Securities And Exchange Act Claims Against TaskUs, Inc. Survive Motion To Dismiss

Securities And Exchange Act Claims Against TaskUs, Inc. Survive Motion To Dismiss

9 Jan 2024

Recently, the Southern District of New York affirmed that repeated assertions conveying a false impression—i.e., a positive workplace culture backed by “low attrition” and Glassdoor ratings—were actionable.  Although the analysis was not in favor of Plaintiffs in this case, the District Court tacitly supported the “core operations” doctrine for examining scienter; the Second Circuit has still not issued a decision on whether the “core operations” doctrine is applicable post-PSLRA.  On January 5, 2024, a motion to dismiss a securities class action was granted in part and denied in part.  The securities class action complaint was filed on February 23, 2022 against TaskUs, Inc. and other defendants for claims under Sections 11, 12(a)(2), and 15 of the Securities Act and Sections 10(b) and 20(a) of the Exchange Act.  Lozada v. TaskUs, Inc., No. 22 Civ. 1479 (JPC), 2024 BL 4121, 2024 US Dist Lexis 2910 (S.D.N.Y. Jan. 05, 2024) (Cronan, J.).  

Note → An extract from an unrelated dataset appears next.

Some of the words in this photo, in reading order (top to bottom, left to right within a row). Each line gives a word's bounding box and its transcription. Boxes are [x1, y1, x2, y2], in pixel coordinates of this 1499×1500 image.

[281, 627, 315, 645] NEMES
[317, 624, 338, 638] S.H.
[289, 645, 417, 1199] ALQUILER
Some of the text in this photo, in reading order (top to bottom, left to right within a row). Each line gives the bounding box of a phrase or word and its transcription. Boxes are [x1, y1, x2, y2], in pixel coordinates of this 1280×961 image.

TaskUs, Inc. is a business process outsourcing company which provides personnel support to third parties and content moderation on social media.  Id. at *3.  Allegedly, TaskUs, Inc. touted a “low attrition,” which was only low in a specific context that some statements did not disclose or clarify.  Id. at *13-15.  TaskUs, Inc also allegedly inflated its Glassdoor rating by instituting a policy requiring new employees to submit a Glassdoor review within seven days of employment.  Id. at *15-19.

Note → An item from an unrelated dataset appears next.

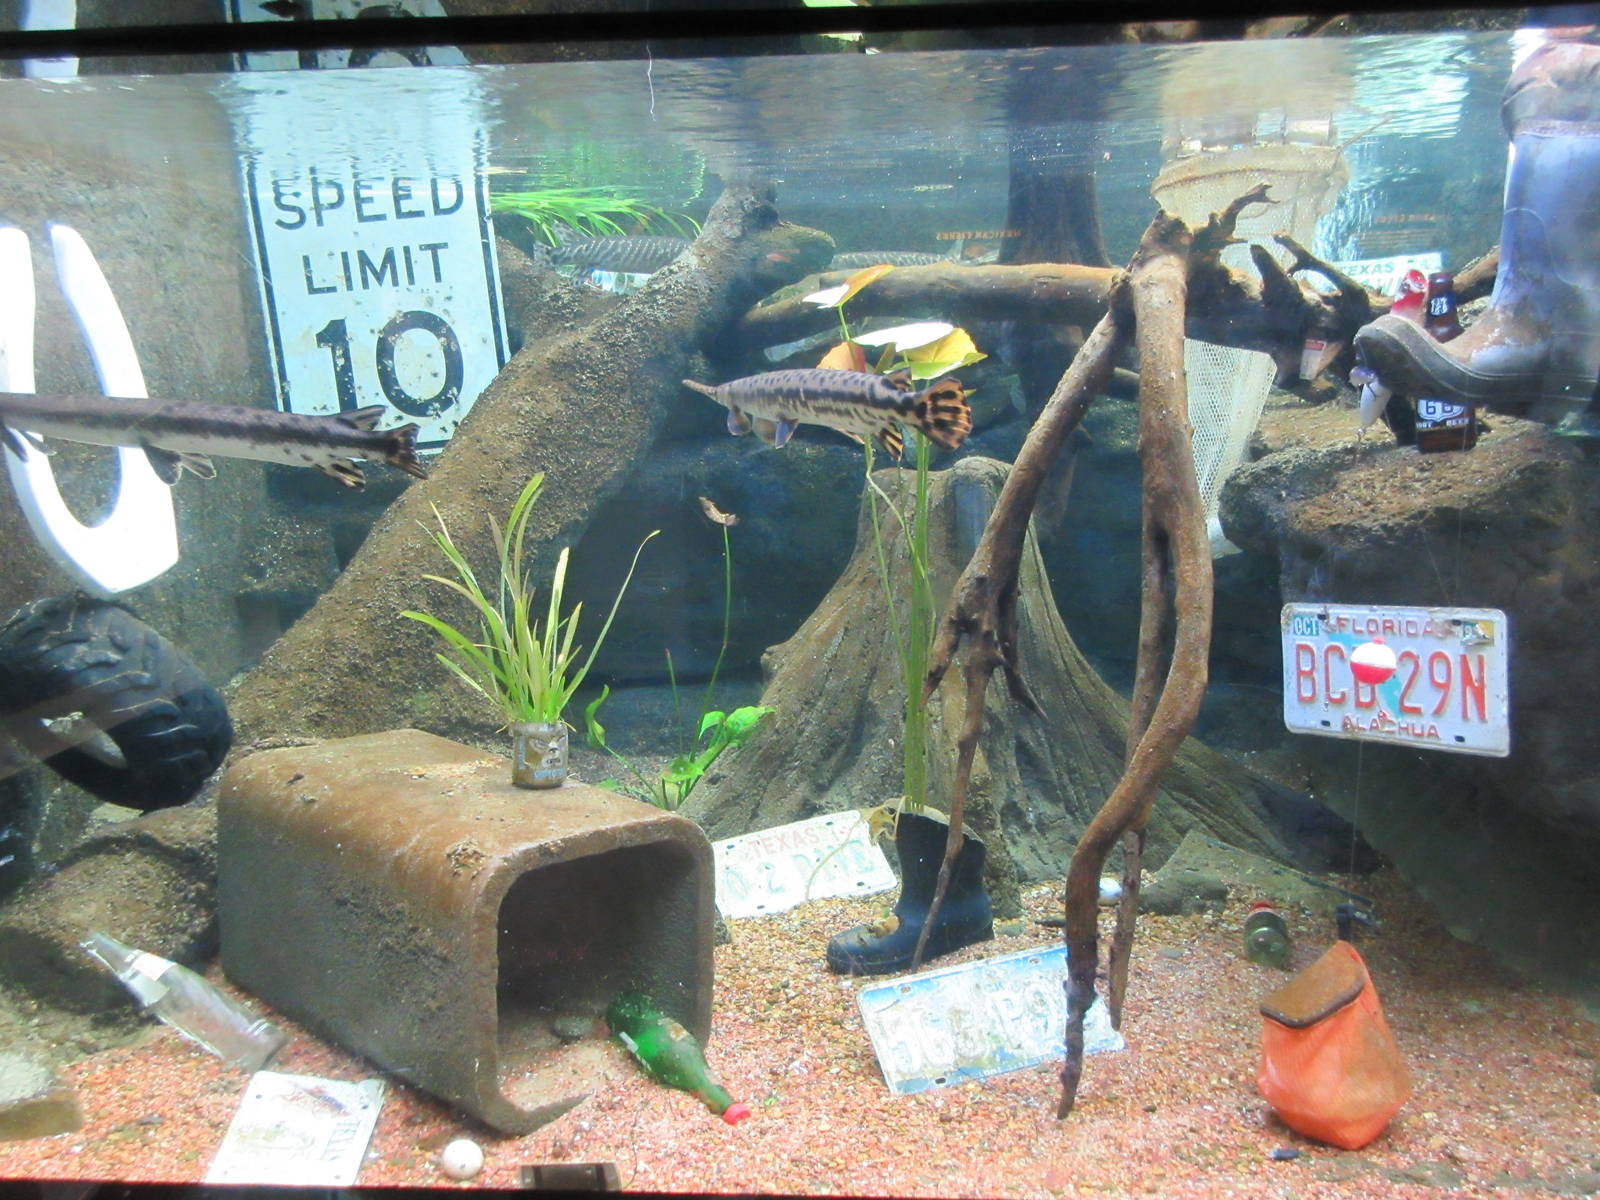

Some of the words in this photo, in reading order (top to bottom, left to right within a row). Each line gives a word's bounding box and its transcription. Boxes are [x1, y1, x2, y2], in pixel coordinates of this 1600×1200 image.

Under Section 11, Plaintiffs sufficiently pled that some statements made about the company’s employment retention rate—its “low attrition” and its Glassdoor rating—were false and/or misleading.  Id. at *13-19 (statements about low attrition for employees of “more than 180 days” were not actionable).  Notably, regarding Defendants’ argument that the information about its Glassdoor rating was public, the Court stated, “The fact that someone, after embarking on substantial effort, could figure out that most of the company's ratings came from new employees does not mean that such information had been digested—and thus had become known—by the public.” Id. at *16.  Although touting about workplace quality may be puffery, “[b]y repeatedly emphasizing the company's Glassdoor rating, the company conveyed to potential investors that the rating accurately reflected the company's positive workplace culture[,]” and statements about “differentiated culture” and “focus on culture” paired with the disclosure on Glassdoor rating were actionable.  Id. at *18-19.

Similarly, some statements made by the Defendants were found actionable under Section 10(b).  Id. at *25-26.  Plaintiffs’ arguments for scienter via motive and opportunity were insufficient.  Id. at *26-28.  However, the Court did find sufficient pleading for scienter via conscious misbehavior or recklessness as to Defendants’ statements about “low attrition” but not the Glassdoor ratings.  Id. at *30-33.  Notable, regarding Plaintiffs’ argument that Defendants had access to the Glassdoor policy, the Court found the new employee policy was not a part of the core operations, and as such, Plaintiffs could not know Defendants were aware of said policy.  Lozada, 2024 BL 4121 at *32; Stratte-McClure v. Morgan Stanley, 784 F. Supp. 2d 373, 389 (S.D.N.Y. 2011) aff'd, 776 F.3d 94 (2d Cir. 2015), and aff'd, 598 F. App'x 25 (2d Cir. 2015) ("While officers cannot be imputed with knowledge about all transactions which occur at a corporation, they do have a duty to familiarize themselves with the core operations of the Company.").  Then, loss causation was found in relation to events for “low attrition” statements.  Id. at *33-35.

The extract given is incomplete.